Zumal die Zeit der letzten Küllenhahn-Pfarrerin – wie überall – von einem drastischen Mitgliederrückgang geprägt war: Zählte die Küllenhahner Gemeinde vor 20 Jahren noch rund 1.110 Mitglieder, so hatte sie zuletzt noch rund 820 „Schäfchen“… Darauf hob Sylvia Hartmann in ihrer Abschiedspredigt ab. Sie reihte sich ein in die vielen Predigten zuvor: nicht abgehoben, aus dem Leben gegriffen, bilderreich und zum Nachdenken anregend. „Die Predigt in der Krise“ titelte im vergangenen Jahr ein christliches Online-Portal: Predigen sei ebenso eine Kunst wie ein Wagnis: „Die Predigt soll gefallen und provozieren. Anstöße geben, aber nicht anstößig sein. Unterhaltsam und tiefgehend. Kurz und zugleich gehaltvoll. Aktuell, politisch und persönlich. Relevant eben…“ – das Fazit des Online-Artikels: „Eigentlich kannst du als Predigerin oder Prediger nur scheitern…“

Durfte sich zu ihrem Abschied über „Platzkonzert“ des Posaunenchores Cronenberg freuen: Küllenhahns Altpfarrerin Dr. Sylvia Hartmann (vo. mi.). | Foto: Meinhard Koke

Durfte sich zu ihrem Abschied über „Platzkonzert“ des Posaunenchores Cronenberg freuen: Küllenhahns Altpfarrerin Dr. Sylvia Hartmann (vo. mi.). | Foto: Meinhard Koke

Persönlich und Kirche: „Verschlanken ist angesagt…!

Ob sie das in den vergangenen rund 20 Jahren immer vermeiden konnte, wer weiß, aber: Für ihre Predigten wurde Sylvia Hartmann vielfach geschätzt! In ihrer letzten nahm sie die Gemeinde mit an ihren Kleiderschrank: „Sylvia, du musst schlanker werden…“, habe sie gedacht, als sie ihre Sommer-Kleidung sortierte. Und das gelte nun auch für ihren Ruhestand: Von ihrer (Dienst-)Wohnung werden die Amtsräume abgetrennt und zu einer „Studentenbude“ umgebaut; sie verliere Kontakte und Ansehen, anderseits sei der Ruhestand auch mit Gewinn verbunden – so einem Mehr an Zeit, das Sylvia Hartmann (auch) für die Aufnahme eines Senioren-Studiums der Literaturwissenschaften nutzen möchte.
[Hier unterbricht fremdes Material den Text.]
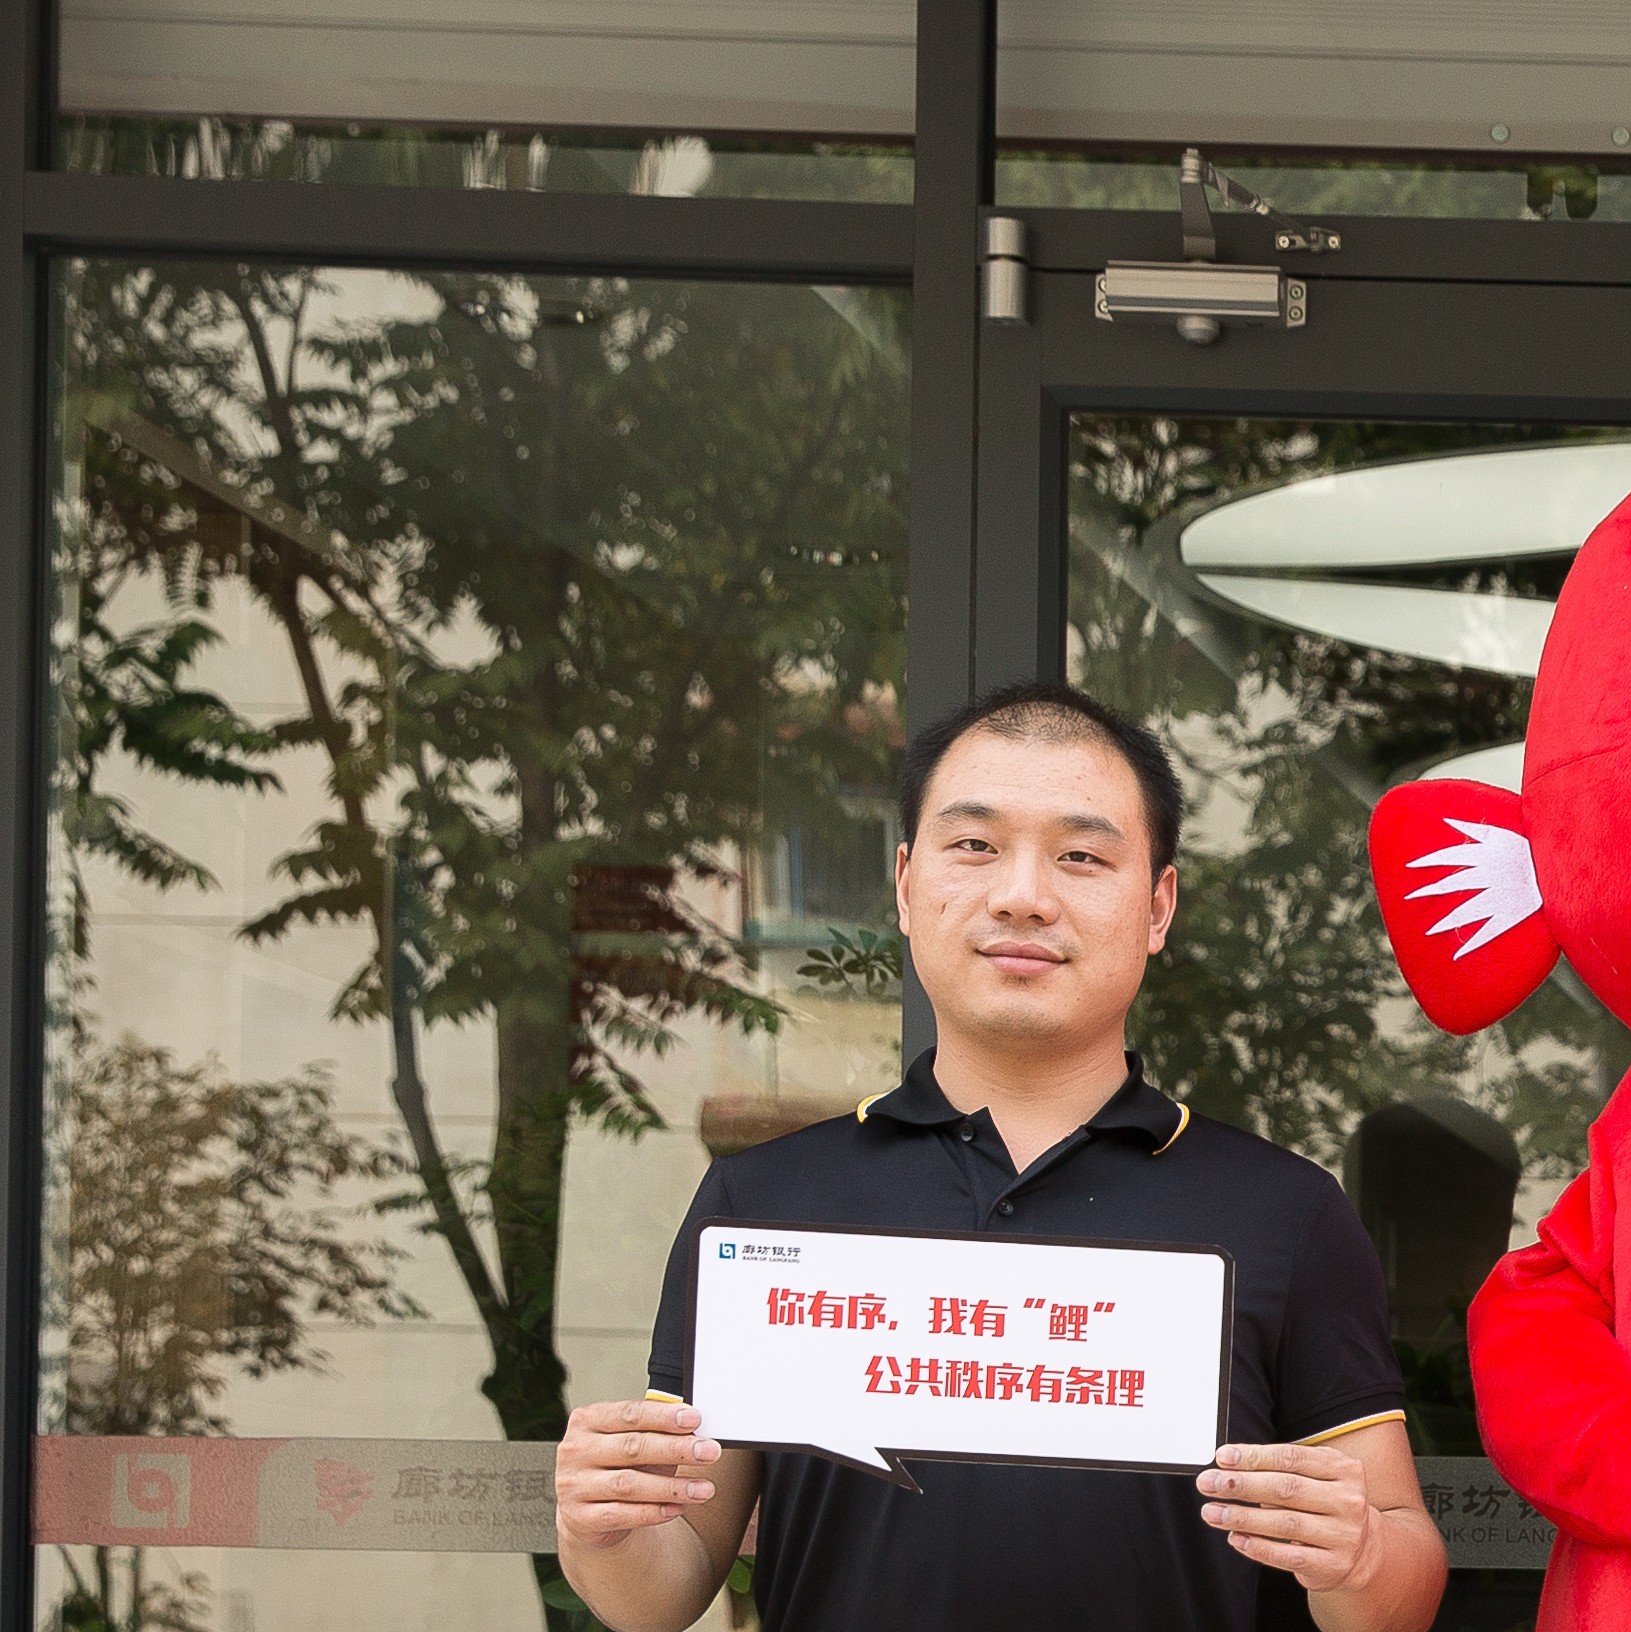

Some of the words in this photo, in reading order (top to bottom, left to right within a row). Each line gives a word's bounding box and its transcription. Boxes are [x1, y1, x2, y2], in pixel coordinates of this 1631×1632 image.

Von ihrer persönlichen „Verschlankung“ schlug die Pfarrerin den Bogen zum „Abnahmeprozess“ der Kirche: Die vielen Austritte schmerzten, die unfreiwillige Verschlankung habe Auswirkungen auf das Personal, Gebäude und Verwaltungsprozesse: „Kirche ist ihr Erscheinungsbild um einiges zu groß geworden – und ich fürchte, das Ende ist noch nicht erreicht.“ Zunehmen sei vergleichsweise einfach, abnehmen indes mühevoll und schwer – Sylvia Hartmann wünschte ihren jüngeren KollegInnen Kraft und Mut für diesen Prozess: „Die Sache der Kirche geht weiter.“ Hartmann zeigte sich überzeugt, dass in der „Abnahme“ zugleich etwas Neues heranwächst. Schwächere Christen rückten einander vielleicht viel näher: „Es muss kein Bedeutungsverlust sein, weniger Bedeutung zu haben.“

Im Ruhestand und ganz allgemein: „Weniger ist mehr…“

Die Pfarrerin verwies auf den Club of Rome: Bereits in den 1970er-Jahren habe dieser vor den Gefahren des Wachstums gewarnt: „Inzwischen sind viele der Schreckensszenarien wahr geworden“, sagte Hartmann, um zu unterstreichen: „Weniger kann auch mehr sein.“ Sie jedenfalls vertraue auf die Zukunft ihrer Kirche – „sie bleibt meine Kirche“. Dass weniger für Sylvia Hartmann auch ganz persönlich mehr bedeuten könnte, machten Abschiedsworte von Pfarrerin Eva von Winterfeld, die als Skriba des Kirchenkreises die Entpflichtung vornahm, deutlich: Sie sei eingeladen, weiterhin Gottesdienste zu halten („Wir brauchen Sie überall“), lud von Winterfeld Sylvia Hartmann ein.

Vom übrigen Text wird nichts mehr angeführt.